I’m discounting any rares that might be in the mix. I can’t afford to keep playing to collect all the rares, if they exist. I’m happy just collecting the common types. In your example, my gut intuition would have stopped me playing that machine long before the first type D showed up unless I happened to get very very lucky. And even having a D in hand, I’d still ignore its presence when deciding to stop.

I’m basing the assumption that the proportions are equal from my past history of playing other machines from this vendor. I probably played them way more than I really needed to, and now I’m looking to calculate stopping points.

This is not an incredibly simple problem. You should look into Good-Turing frequency estimation for techniques. I don’t know how to incorporate the idea that there are no rare items; perhaps some Bayesian version is appropriate.

OK, “ignoring rare items” makes this an even more complicated question, because now we have to decide just how rare counts as “rare”, and that decision probably depends in turn on how many different prizes there are (a prize that’s 2% of the population probably counts as a rare prize in a four-prize machine, but it wouldn’t in a 100-prize machine, for instance).

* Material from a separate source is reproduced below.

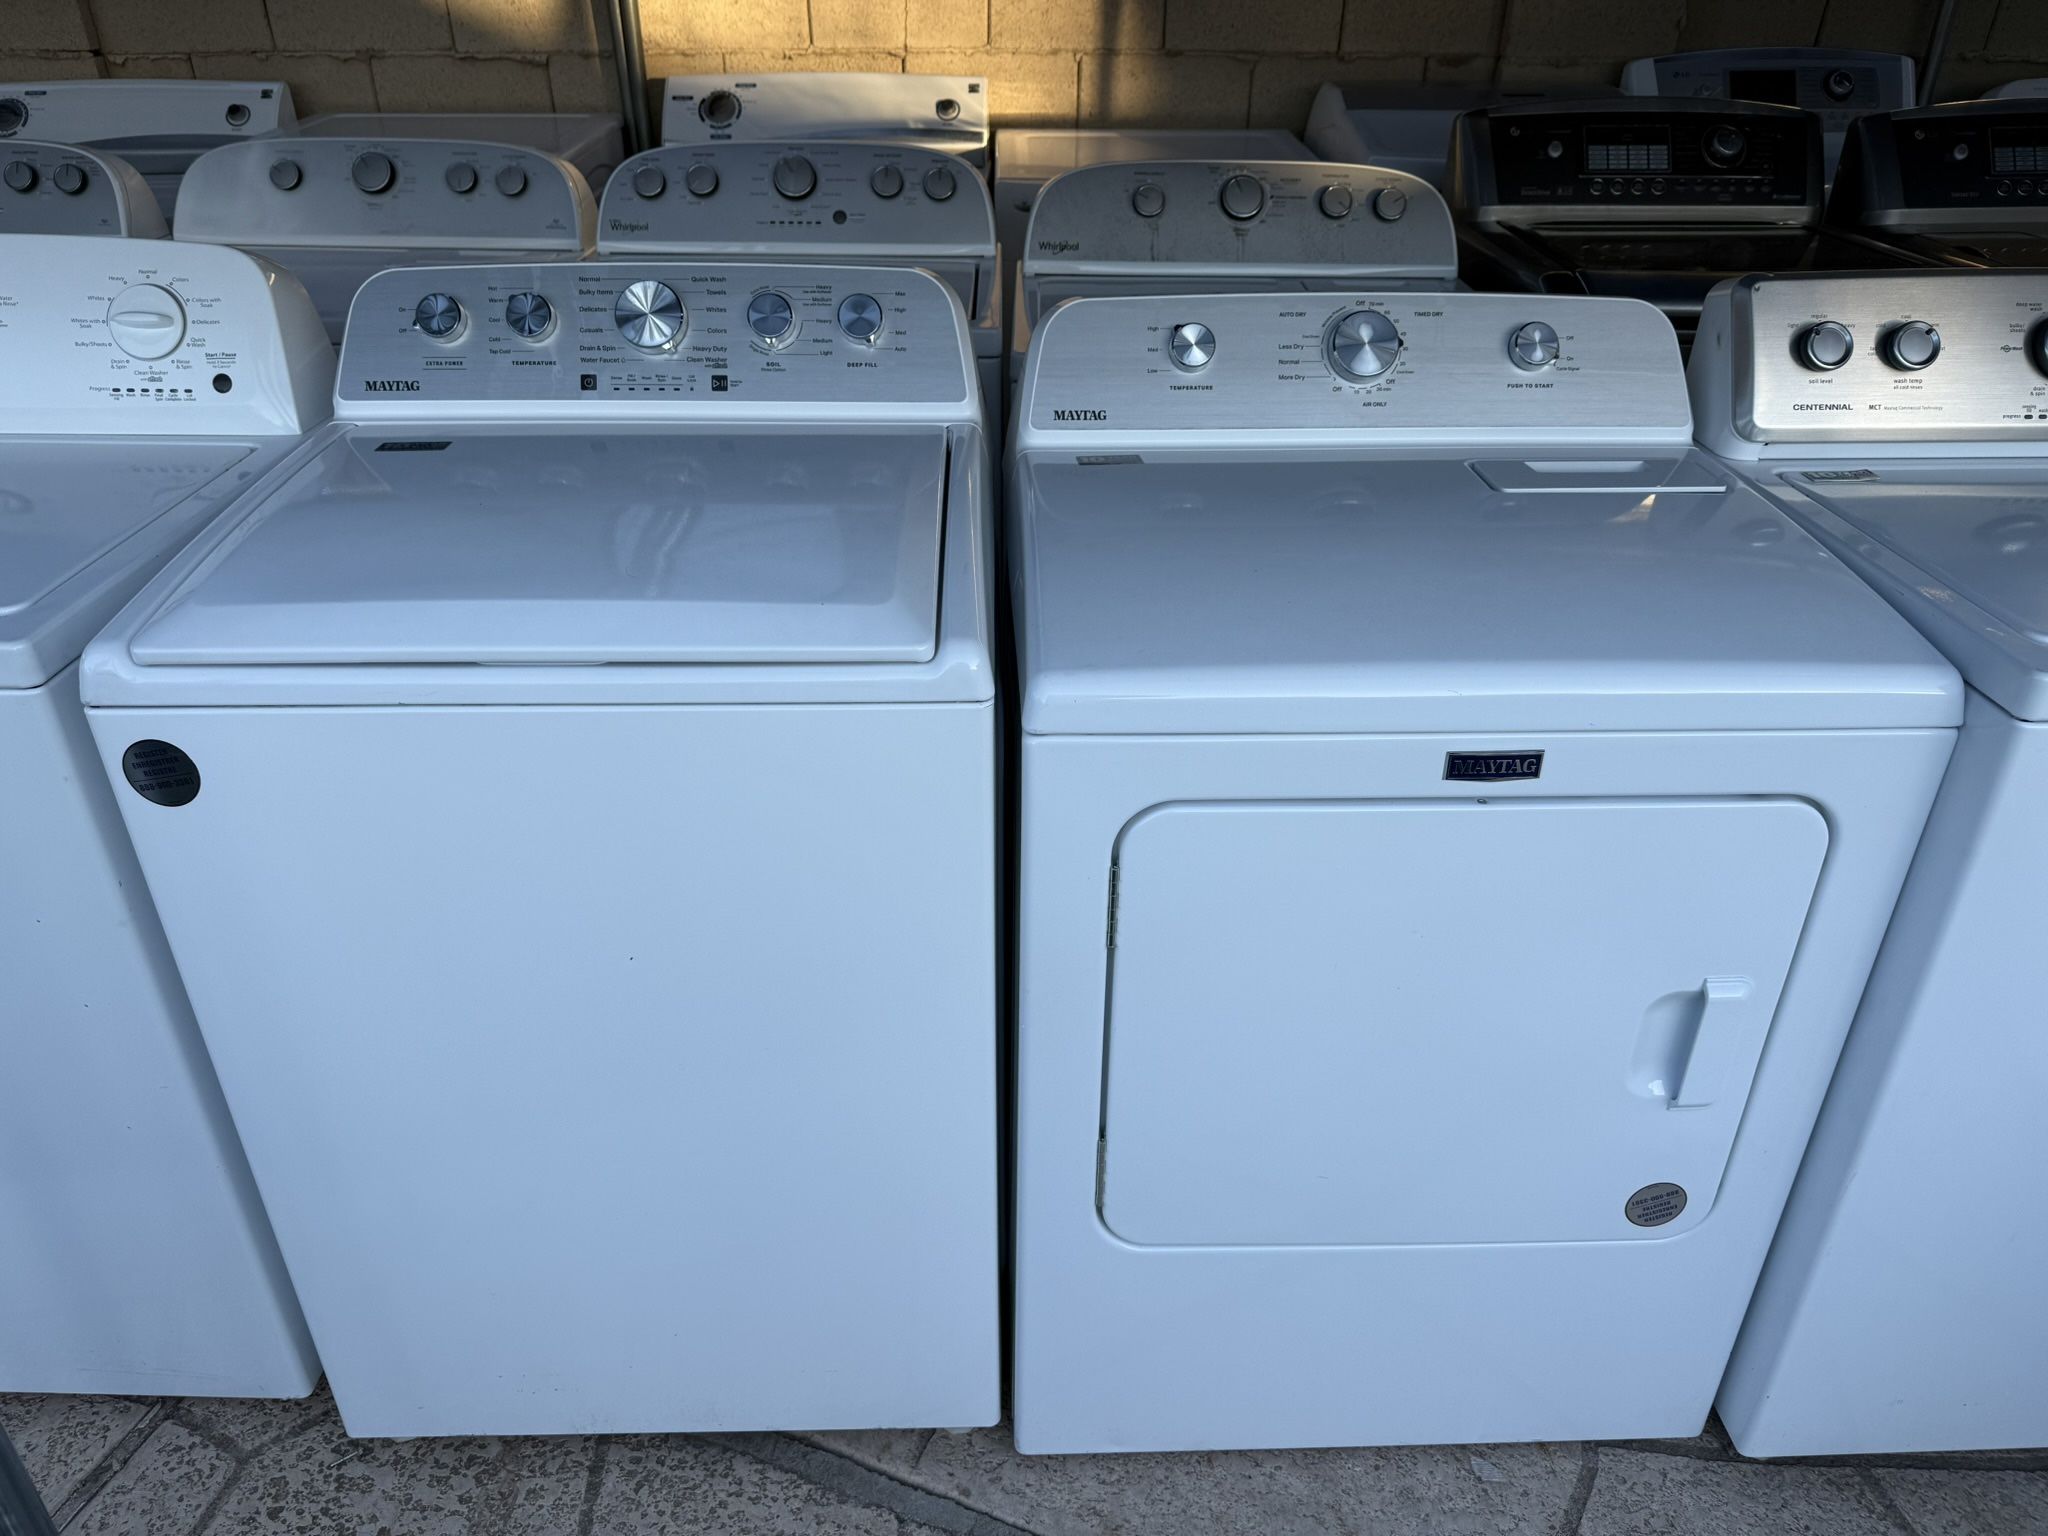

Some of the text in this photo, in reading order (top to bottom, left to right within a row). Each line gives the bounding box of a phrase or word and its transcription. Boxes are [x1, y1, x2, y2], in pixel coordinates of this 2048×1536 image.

Really, I think it’s irrelevant. Rare items almost by definition won’t effect the mean-time-to-encounter a non-rare item very much. You can generate a model including rare items, and then only calculate whatever you want for the non-rare members.

Another approach is to treat this as a classification problem on Gachapon Machines. That is, let’s say you have a set of machines you’re reasonably confident you know some approximate distribution for. What elements seem to affect this? Company/manufacturer? Cost of playing it? Type of toy?

Train some model on the known Gachapon machines, then classify your new ones based on that. In the easy case, you have a finite number of classes and know the exact distribution based on some discrete classification. In the worst case, you end up with some prior belief where you can now tune hyperparameters about a categorical distribution (e.g. a Dirichlet or something).

BTW, biology scientists use a similar idea for estimating the population of wildlife in a given region, using a technique called “capture / re-capture”.

The idea is, you stake out a certain region, capturing animals, tagging them, and then releasing them. By and by, you will start to notice that some of the animals you capture are already tagged. If you keep this up long enough, you will start to notice that many, maybe even most, of the animals you capture have already been tagged.

The analogy to your toyball machine is this: After you start to see enough repeat animals, you can begin to guess that you’ve captured most of them; but well before that happens, you can use statistical methods with this data to estimate the total population. In the toyball machine, once you start to see enough “repeat” toys and fewer “originals”, you can begin to guess that you’ve got at least one of everything, and you can develop your statistical probability of that.

Also BTW: Did anybody notice that news item a few weeks ago, that there was a toy machine like this (somewhere in the US) with rings that had a swastika and other Nazi symbols on them?

ETA: I worked on a project, some years ago, that did this with humpback whales. The field researchers staked out various bays in Alaska, and took pictures of whale tails. It turns out that all humpback whale tails are unique just like fingerprints. We had hundreds and hundreds of photos. Then they had to sift through and compare them so find the “repeats”; that was their analog for capture / re-capture. They used this to estimate the whale populations.